**What you have to do**: Every line that appears in the listing is to be set down verbatim.

(Data for processing Opens)

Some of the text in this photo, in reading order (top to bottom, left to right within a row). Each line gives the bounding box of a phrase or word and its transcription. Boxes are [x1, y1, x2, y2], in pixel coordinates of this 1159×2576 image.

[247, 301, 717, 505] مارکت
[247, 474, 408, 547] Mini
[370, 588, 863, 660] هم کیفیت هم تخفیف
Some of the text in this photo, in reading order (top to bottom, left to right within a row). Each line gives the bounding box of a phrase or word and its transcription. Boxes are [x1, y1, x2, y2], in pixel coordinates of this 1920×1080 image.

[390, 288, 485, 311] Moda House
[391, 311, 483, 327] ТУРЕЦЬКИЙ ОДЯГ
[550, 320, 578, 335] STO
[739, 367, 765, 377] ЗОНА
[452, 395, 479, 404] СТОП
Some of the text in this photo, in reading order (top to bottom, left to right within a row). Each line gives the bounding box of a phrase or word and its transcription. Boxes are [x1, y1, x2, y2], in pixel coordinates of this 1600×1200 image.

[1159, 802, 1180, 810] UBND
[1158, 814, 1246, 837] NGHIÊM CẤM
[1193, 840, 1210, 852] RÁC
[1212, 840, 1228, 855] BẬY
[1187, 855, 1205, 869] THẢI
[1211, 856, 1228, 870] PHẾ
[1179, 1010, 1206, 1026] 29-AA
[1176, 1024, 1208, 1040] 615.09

(Data for processing Closes)

**Finished exercise**:
Some of the text in this photo, in reading order (top to bottom, left to right within a row). Each line gives the bounding box of a phrase or word and its transcription. Boxes are [x1, y1, x2, y2], in pixel coordinates of this 1159×2576 image.

[247, 301, 717, 505] مارکت
[247, 474, 408, 547] Mini
[370, 588, 863, 660] هم کیفیت هم تخفیف
Some of the text in this photo, in reading order (top to bottom, left to right within a row). Each line gives the bounding box of a phrase or word and its transcription. Boxes are [x1, y1, x2, y2], in pixel coordinates of this 1920×1080 image.

[390, 288, 485, 311] Moda House
[391, 311, 483, 327] ТУРЕЦЬКИЙ ОДЯГ
[550, 320, 578, 335] STO
[739, 367, 765, 377] ЗОНА
[452, 395, 479, 404] СТОП
Some of the text in this photo, in reading order (top to bottom, left to right within a row). Each line gives the bounding box of a phrase or word and its transcription. Boxes are [x1, y1, x2, y2], in pixel coordinates of this 1600×1200 image.

[1159, 802, 1180, 810] UBND
[1158, 814, 1246, 837] NGHIÊM CẤM
[1193, 840, 1210, 852] RÁC
[1212, 840, 1228, 855] BẬY
[1187, 855, 1205, 869] THẢI
[1211, 856, 1228, 870] PHẾ
[1179, 1010, 1206, 1026] 29-AA
[1176, 1024, 1208, 1040] 615.09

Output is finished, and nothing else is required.